Malsumsis woofed and then hopped off to one side.
“Idiot!” I scratched my wolf friend's ears with the fingers of my hands and he whined happily. “Yes,” I said, “I am glad to see you too.”
The two of us began to run together through the forest. I had never been able to run with my friend before, only swooped on silent wings over his head. I liked the feeling of our running together, the soft thump of the earth beneath us, the way the ground seemed to rise up to catch me each time I lifted a foot and let it fall. The night wind in our faces was sweet. I'd been eager to reach the tree where I knew my great-grandmother would be roosting, but it was almost too soon when we arrived there. This running was so much fun.
As soon as I called her name, she came swooping down.
“Whoooo-whoooo,” she said. “Wabi, there is more that you need.”
It was not a question. As always, it was as if she knew my thoughts.
“Yes, Great-grandmother,” I said. “I forgot that humans are not like owls when they hunt.”
I looked down at my feet—so good for running, so pathetically useless for such things as striking and killing prey. “I need something to hunt with.”
Great-grandmother chuckled. “I know,” she said. “I would have told you before, but you were toooo eager to go.” She nodded her beak toward an old, old maple tree. “Look inside the hollow of that tree.”
I went to the maple. Its hollow was a narrow slit, but I was able to reach my arm far inside. Even without seeing, my sensitive human fingers were able to find what was hidden there.
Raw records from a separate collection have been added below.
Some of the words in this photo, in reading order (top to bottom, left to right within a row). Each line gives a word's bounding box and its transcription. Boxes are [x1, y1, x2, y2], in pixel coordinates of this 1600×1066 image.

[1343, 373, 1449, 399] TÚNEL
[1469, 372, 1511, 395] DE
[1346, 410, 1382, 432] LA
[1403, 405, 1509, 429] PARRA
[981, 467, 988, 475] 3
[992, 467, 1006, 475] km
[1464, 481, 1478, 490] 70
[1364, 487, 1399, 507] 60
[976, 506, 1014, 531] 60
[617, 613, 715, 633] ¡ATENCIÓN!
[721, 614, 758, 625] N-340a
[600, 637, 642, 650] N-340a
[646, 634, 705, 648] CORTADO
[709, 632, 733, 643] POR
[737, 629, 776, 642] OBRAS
I pulled it out. It was a long object wrapped in old worn deerskin, just as my clothing had been. I undid the laces that tied it to disclose a fine bow with its double-twisted string wrapped about it, a quiver of arrows. I placed them carefully on the deerskin and stood back to look at them. I knew that they had been in that tree for many, many seasons, yet they glistened like new in the light from the full face of the moon. Nadialid's own weapons.
CHAPTER 19
Stringing the Bow
WHEN THE SUN LIFTED AGAIN into the sky, it found me asleep, really asleep, inside the wigwam in Valley Village along with the dozen other young men. In fact, I was the last of them to wake. The clouds at the edge of the sky had already begun to show the first streaks of red when I had finally slipped back in among the snoring suitors. I had spent much of the night learning to use my new weapons.
But the voices of the young men woke me.
“What is wrong with Gwanakwozid over there?” I heard one of them say.
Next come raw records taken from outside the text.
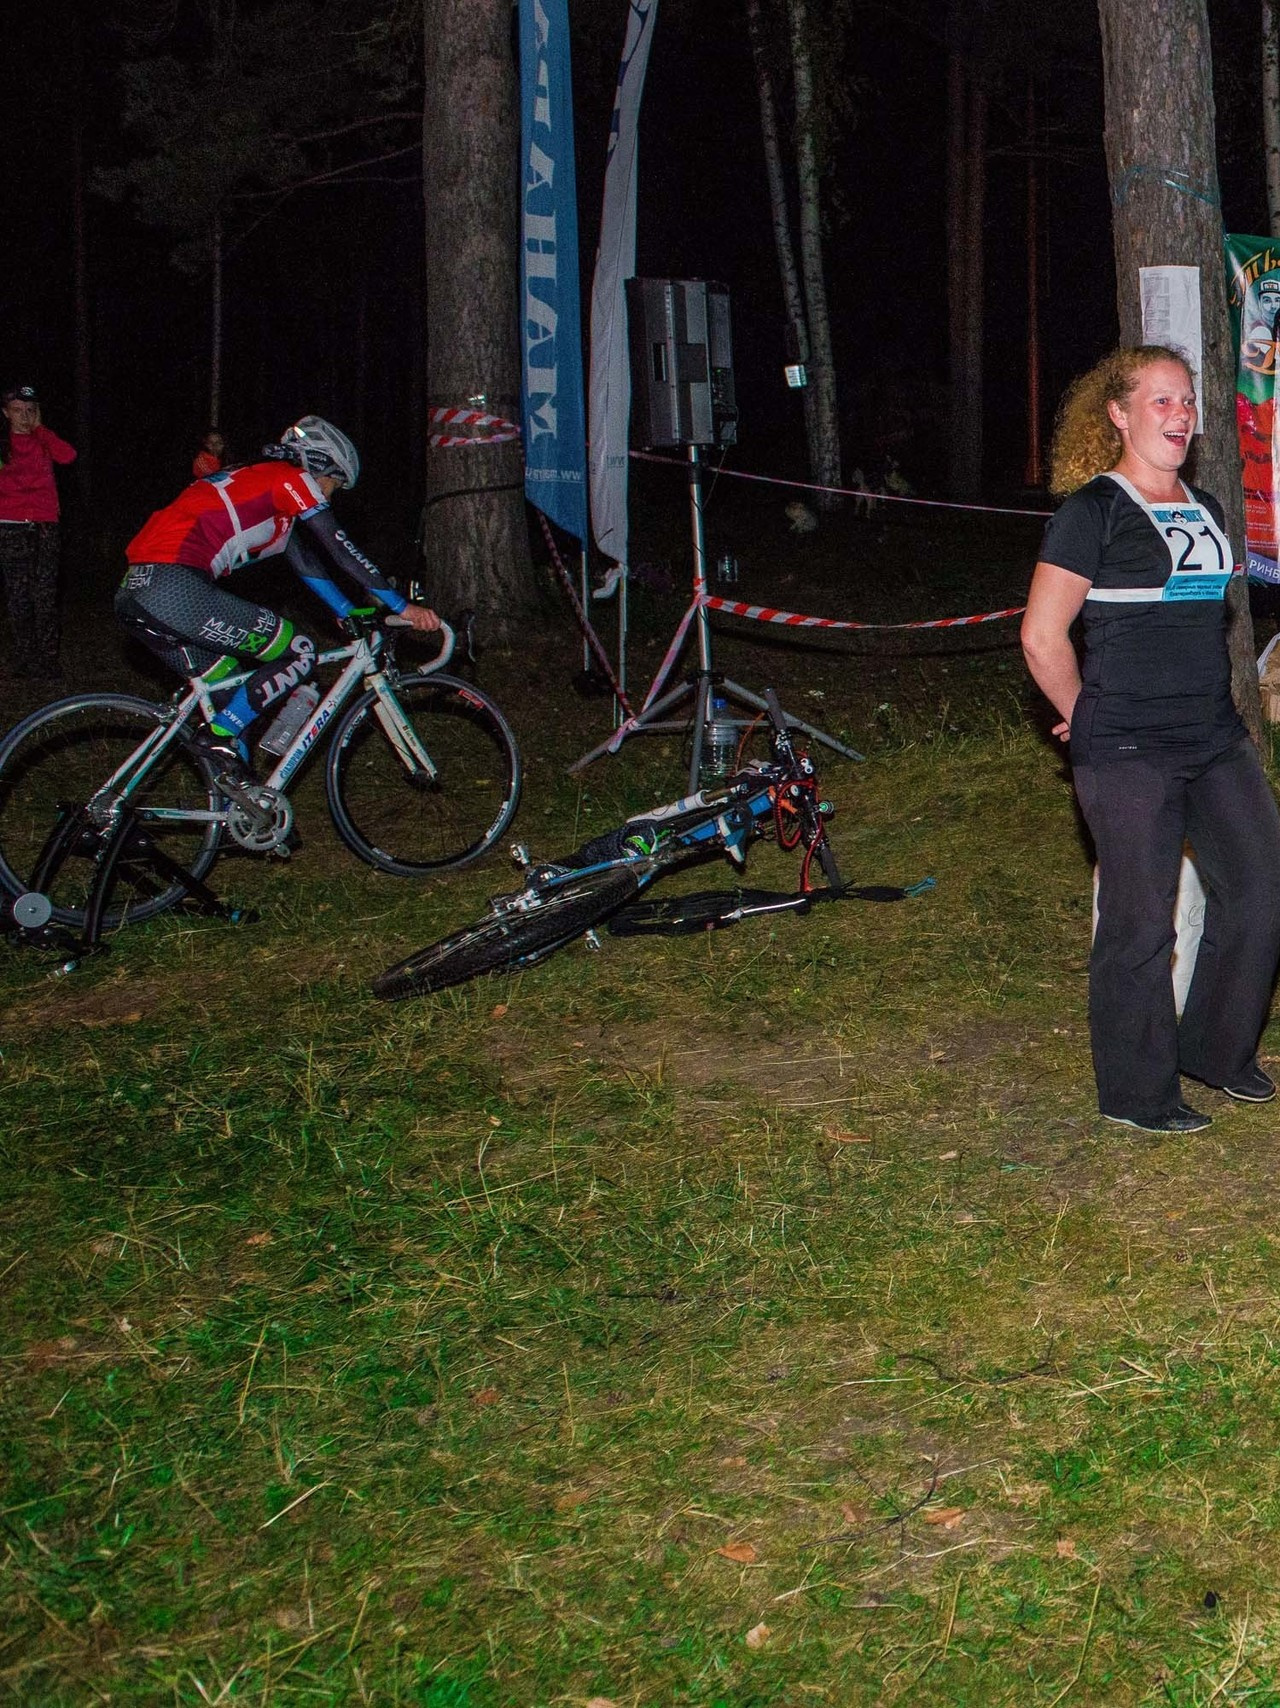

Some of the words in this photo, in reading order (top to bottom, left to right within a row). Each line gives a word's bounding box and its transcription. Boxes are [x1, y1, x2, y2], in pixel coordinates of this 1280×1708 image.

[343, 540, 380, 574] GIANT
[1164, 525, 1225, 571] 21
[198, 626, 241, 650] TEAM
[205, 617, 248, 640] MULTI
[303, 709, 330, 749] ITERA
Gwanakwozid? The Long Tall One? Who is that?
“Hah, he is probably one of those who just looks like a good hunter but is really a lazy fool,” another voice said. “Let him remain there like a dead log.”
“Too late. Look, he's moving.”
“Slowly, though. You would think from the way he acts that it's time to sleep and not the dawn.”
Ah, they were talking about me. Little did they know how true those last words actually were.
I sat up, rubbing my eyes against the light. The other suitors were chuckling as they went out the door of the wigwam. I stood, rearranged my feathers—er, clothes—and followed them outside.
The others in the village were eating. It was food that had been damaged by hot water and burned by their fires. Some of it was not even meat. Yet it smelled good to my human nose. My impulse was to hop over to the pots and help myself, but I was cautious.
Watch what the others do. Learn from them.
I noticed that the other young men from the guest lodge looked as hungry as I felt. But none of them went over to take food. Dojihla's father, who was also the village leader, came to stand before us. Wowadam, He Who Knows. That was his name.
“The job of the hunter,” Wowadam said, “is to feed the people. So none of you will eat this day until you have finished your hunt. Are you all ready to begin?”
He looked at each of the young men who stood there, their bows and arrows held out before them for his inspection. He stopped in front of me.
“Wabi, great-grandson of Nadialid,” he said, “where are your weapons?”
“To show that I came here as a friend,” I said, “I did not bring them with me. I left them hidden just outside the village.”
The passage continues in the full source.